Jefferson replied with a letter dated Christmas Day, 1800, and soon offered his support. Once Jefferson became President the following year, Waterhouse introduced Edward Jenner's method of cowpox vaccination in the United States. He attempted to maintain a monopoly over the cowpox vaccine, for both financial reasons and to protect the vaccine from incompetent or fraudulent physicians. Waterhouse made the first vaccinations in the United States on four of his children. He commissioned a controlled experiment at the Boston Board of Health in which 19 vaccinated and 2 unvaccinated boys were exposed to the smallpox virus. The vaccinated boys demonstrated immunity, and both unvaccinated boys succumbed to the disease.

===Personal life===
In 1788, he married Elizabeth Oliver, with whom he had six children. She died in childbirth in 1815. In 1819, he married Louisa Lee; no children resulted from this marriage.

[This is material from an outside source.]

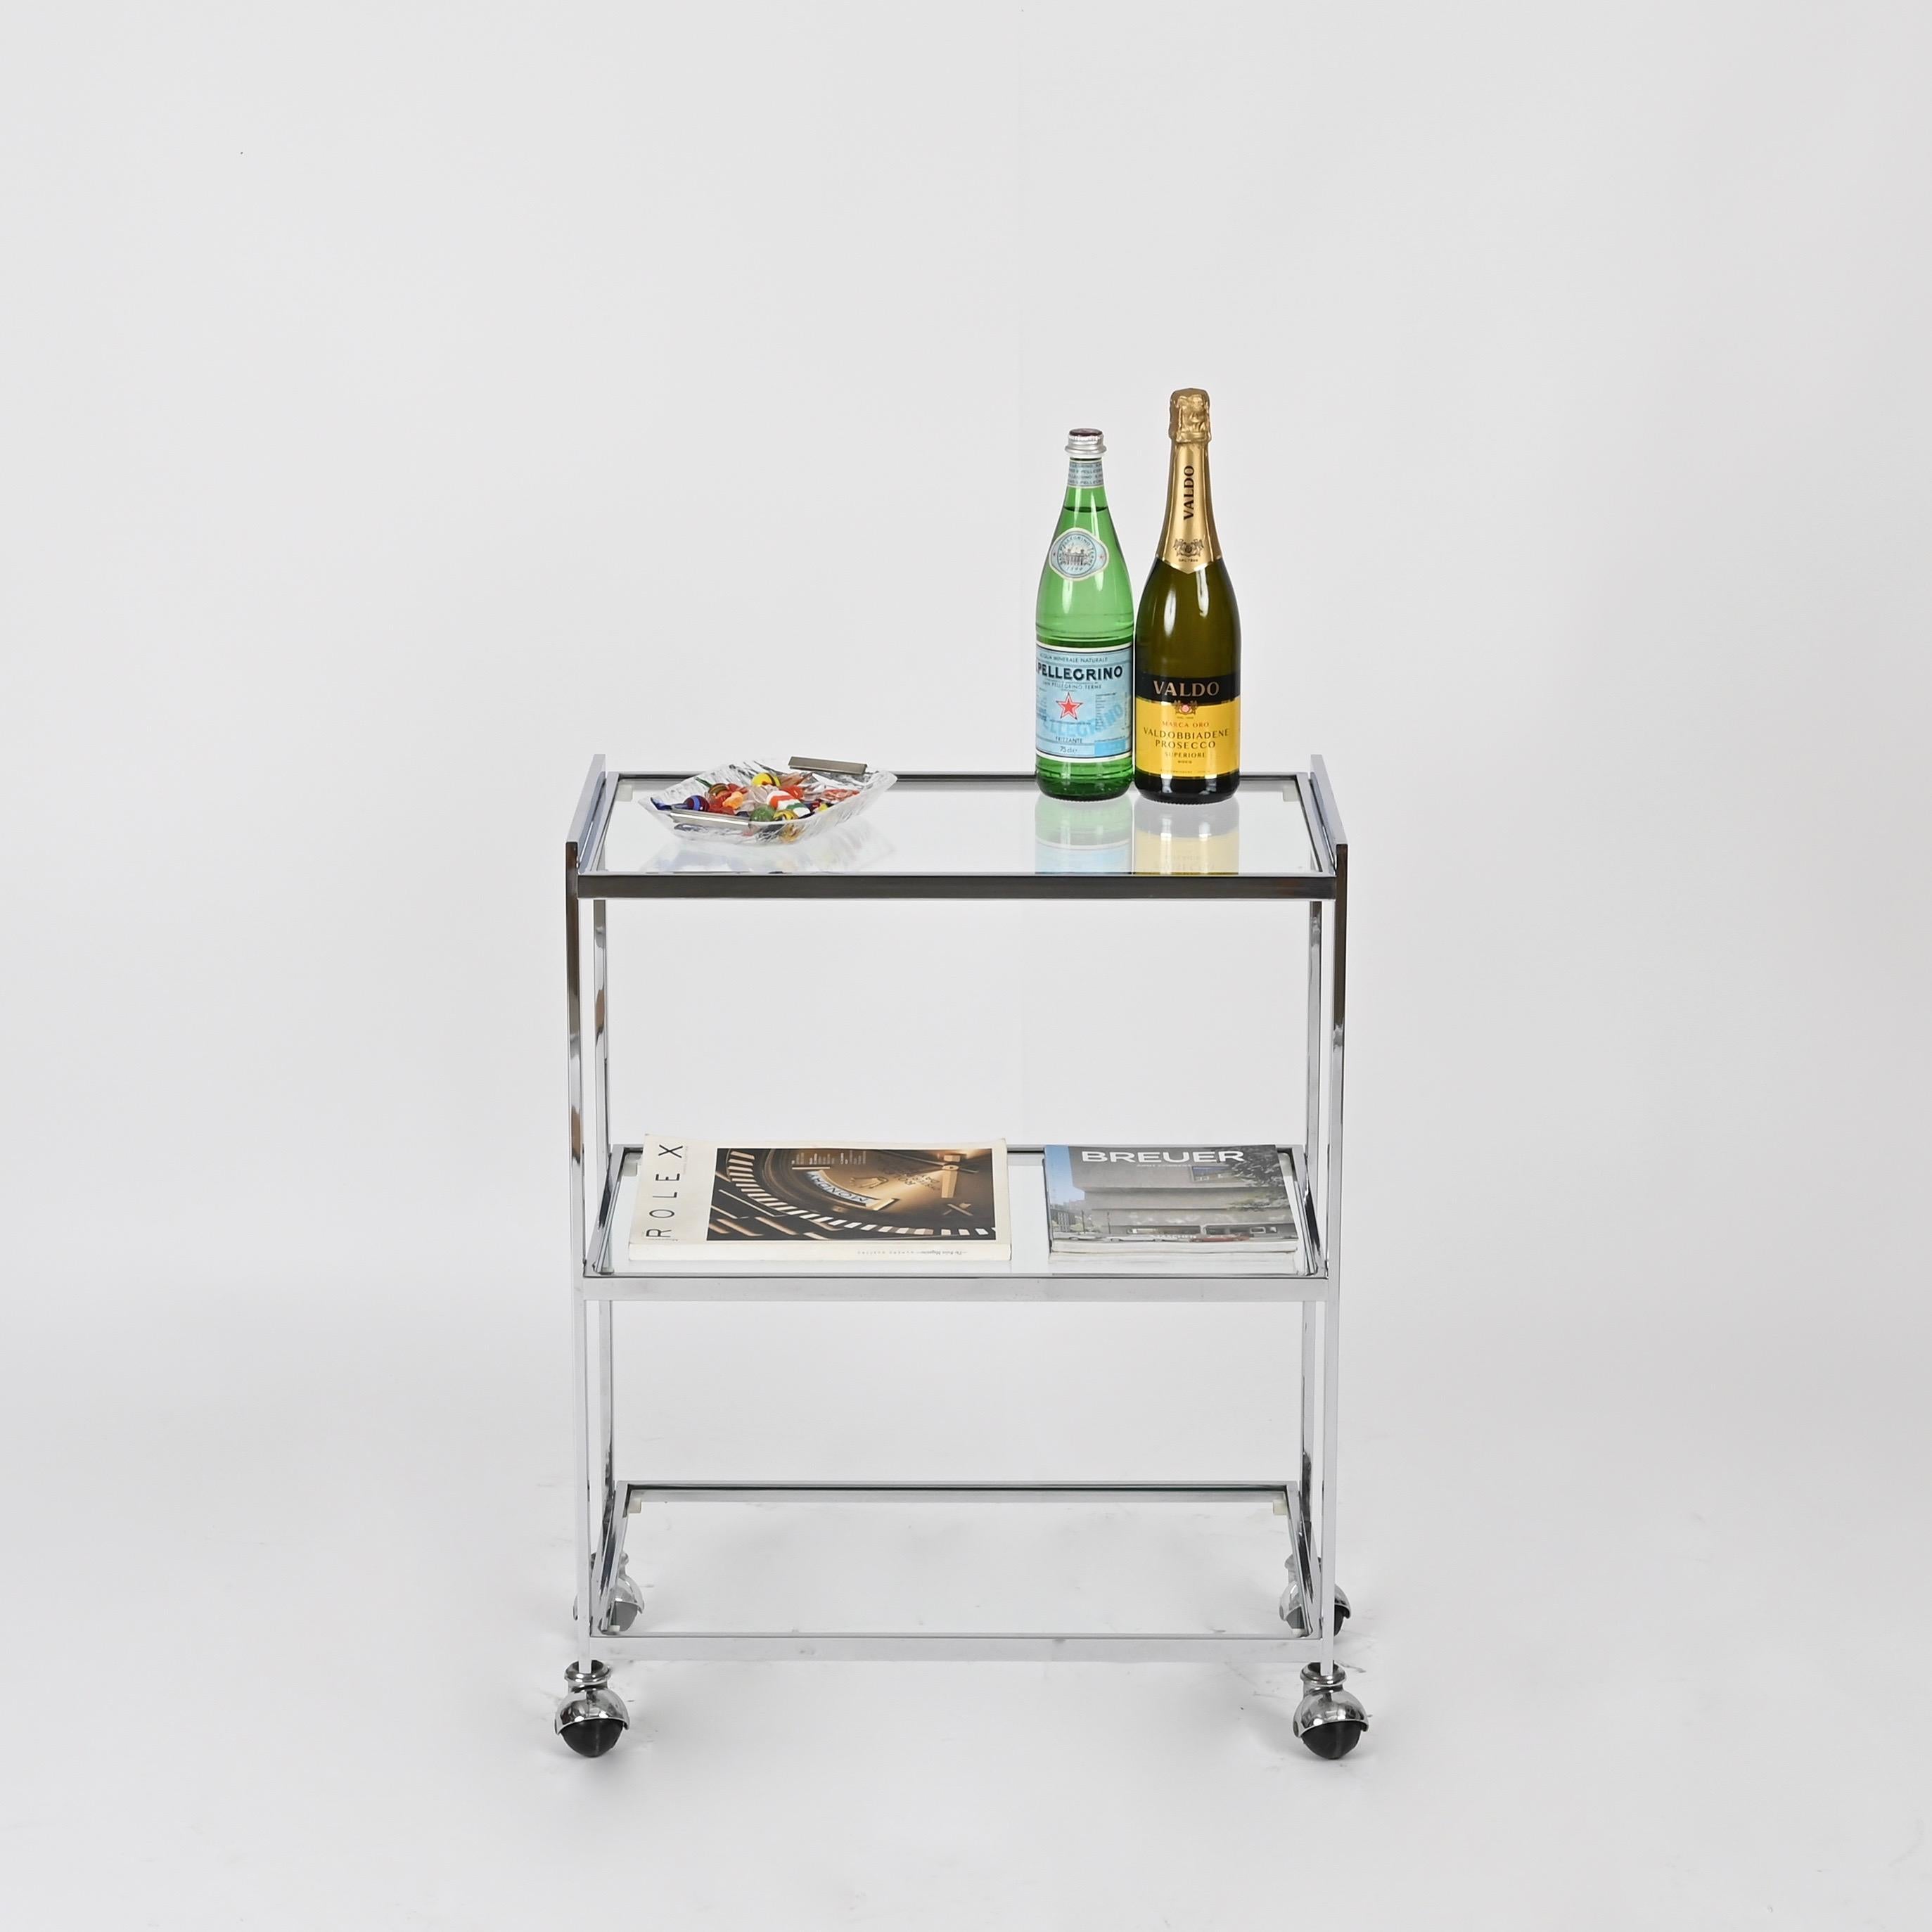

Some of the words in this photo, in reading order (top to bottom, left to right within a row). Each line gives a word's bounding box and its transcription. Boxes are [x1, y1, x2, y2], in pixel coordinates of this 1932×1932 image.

Waterhouse was a prickly character, with a tendency to become involved in controversy.

===Military service===
Waterhouse had a commission in the U.S. Army during the War of 1812 in the days before military physicians were accorded rank. Waterhouse was assigned to a Navy Frigate that was eventually captured by the Royal Navy. Waterhouse along with the surviving crew members was held in a British prison ship under harsh conditions until the end of the war. After he was repatriated to the United States, Waterhouse published a critical account of the British POW system. Choosing to remain in the military after the war, Waterhouse held the position of "Hospital Surgeon", in 1818 he was promoted to "Post Surgeon", and in 1821 he was honorably discharged.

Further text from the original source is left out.